Grappoli d’uva destinati alla produzione del vinsanto (Centro delle Tradizione Popolari).
La tavola dopo un pranzo (foto Enrico Hartmann, fine '800).

Un buon bicchiere di vinsanto

La tradizione del vinsanto deve essere calata nel peculiare contesto di un’agricoltura a conduzione mezzadrile. Alla vendemmia, proprietario e mezzadro si dividevano l’uva raccolta: fino ai primi del ‘900, generalmente andavano al “padrone” i tre quinti; poi la si spartì a metà. Non tutto il prodotto serviva per fare vino: una certa quantità di uva, delle varietà più adatte, veniva infatti sottoposta ad appassimento in locali salubri ed arieggiati, di solito appendendo i grappoli al soffitto. Il vino passito da essi prodotto, collocato in botticelle, era poi sottoposto ad invecchiamento.

Per quanto si trattasse di una produzione in genere limitata al consumo famigliare, era effettuata con estrema cura, proprio perché dalla buona qualità del vinsanto offerto agli ospiti poteva dipendere il prestigio del contadino e del proprietario. I mezzadri, per quanto poveri, avevano fama di persone ospitali e dignitose: soprattutto nei momenti di più intensa socializzazione, come la battitura, il carnevale e altre festività, tenevano a fare bella figura con chi avevano in casa e il vinsanto poteva assurgere a status symbol. Il proprietario benestante naturalmente ne poteva produrre e consumare in quantità assai maggiore, ma il suo vinsanto, alla fine del pasto od offerto agli ospiti, assumeva lo stesso significato.
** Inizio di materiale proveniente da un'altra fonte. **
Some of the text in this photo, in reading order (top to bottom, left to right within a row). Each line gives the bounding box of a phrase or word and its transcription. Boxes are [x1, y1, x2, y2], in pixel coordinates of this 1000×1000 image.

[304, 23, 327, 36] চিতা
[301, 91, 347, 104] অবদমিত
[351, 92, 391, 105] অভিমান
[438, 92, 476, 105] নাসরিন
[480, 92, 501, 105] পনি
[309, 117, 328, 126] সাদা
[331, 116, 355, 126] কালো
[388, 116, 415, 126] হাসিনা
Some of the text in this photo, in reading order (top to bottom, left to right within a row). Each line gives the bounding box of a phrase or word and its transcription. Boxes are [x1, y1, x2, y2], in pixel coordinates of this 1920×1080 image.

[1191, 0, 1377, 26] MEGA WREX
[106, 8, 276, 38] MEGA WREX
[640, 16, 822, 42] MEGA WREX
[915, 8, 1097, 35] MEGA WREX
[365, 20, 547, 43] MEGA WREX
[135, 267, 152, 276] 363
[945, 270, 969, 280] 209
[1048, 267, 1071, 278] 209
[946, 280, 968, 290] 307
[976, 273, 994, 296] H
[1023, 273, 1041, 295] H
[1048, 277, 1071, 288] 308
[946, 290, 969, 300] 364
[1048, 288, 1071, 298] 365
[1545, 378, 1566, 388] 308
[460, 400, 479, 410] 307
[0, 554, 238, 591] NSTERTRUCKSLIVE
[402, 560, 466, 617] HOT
Dai Diari di Enrico Hartmann – esperto litografo di origine svizzera e piccolo possidente di Città di Castello – si può desumere il ruolo dal vinsanto in tipici menu dell’epoca. Ad esempio, l’11 aprile 1905, il menu di una cena di compleanno fu il seguente: “salato, pasta fatta in casa, fritto misto, maionese, arrosto misto con asparagi, crema e biscotti, frutta e formaggi, caffè, vinsanto, liquore”. Al pranzo di capodanno dell’anno successivo gli Hartmann consumarono “cappelletti Buitoni, fritto misto, zampone con purè, cappone arrosto, dessert, vino bianco, rosso e vinsanto, caffè e liquore”.

Lo stesso Hartmann produceva vinsanto, con l’aiuto del suo colono. Scrisse nel Diario il 5 dicembre 1911: “Mattio è venuto a fare il vinsanto”. E naturalmente l’offriva agli ospiti: “…volevo invitare il maestro e la banda di Sansecondo a venire a bere un bicchiere di vinsanto…” (16 maggio 1912).
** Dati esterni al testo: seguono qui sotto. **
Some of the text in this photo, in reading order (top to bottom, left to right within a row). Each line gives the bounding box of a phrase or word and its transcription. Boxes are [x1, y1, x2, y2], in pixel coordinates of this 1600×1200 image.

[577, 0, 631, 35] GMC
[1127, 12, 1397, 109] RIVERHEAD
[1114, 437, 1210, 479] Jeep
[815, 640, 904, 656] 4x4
Alla notevole diffusione del vinsanto contribuiva la marcata parcellizzazione della proprietà terriera nell’Alta Valle del Tevere. Nel 1878 si calcolava che nella sola Città di Castello fossero 2.240 i possidenti in terreni, numero che cumulava i pochi grandi proprietari e il vasto stuolo di piccoli possidenti e di coltivatori diretti. V’è da ritenere che nella grande maggioranza delle loro case, come in quelle più modeste dei coloni, vi fossero appesi grappoli d’uva da appassire e, in cantina, botticelle di vinsanto in fase di invecchiamento, insieme a qualche bottiglia già pronta per il consumo.

Un buon vinsanto veniva tradizionalmente servito anche nei pranzi di gala e poteva accrescere il prestigio dei locali pubblici. L’antico Albergo Ristorante La  Cannoniera di Città di Castello, come mostra un suo conto, lo servì a un pranzo del Circolo Tifernate, che raccoglieva l’élite culturale e professionale della città.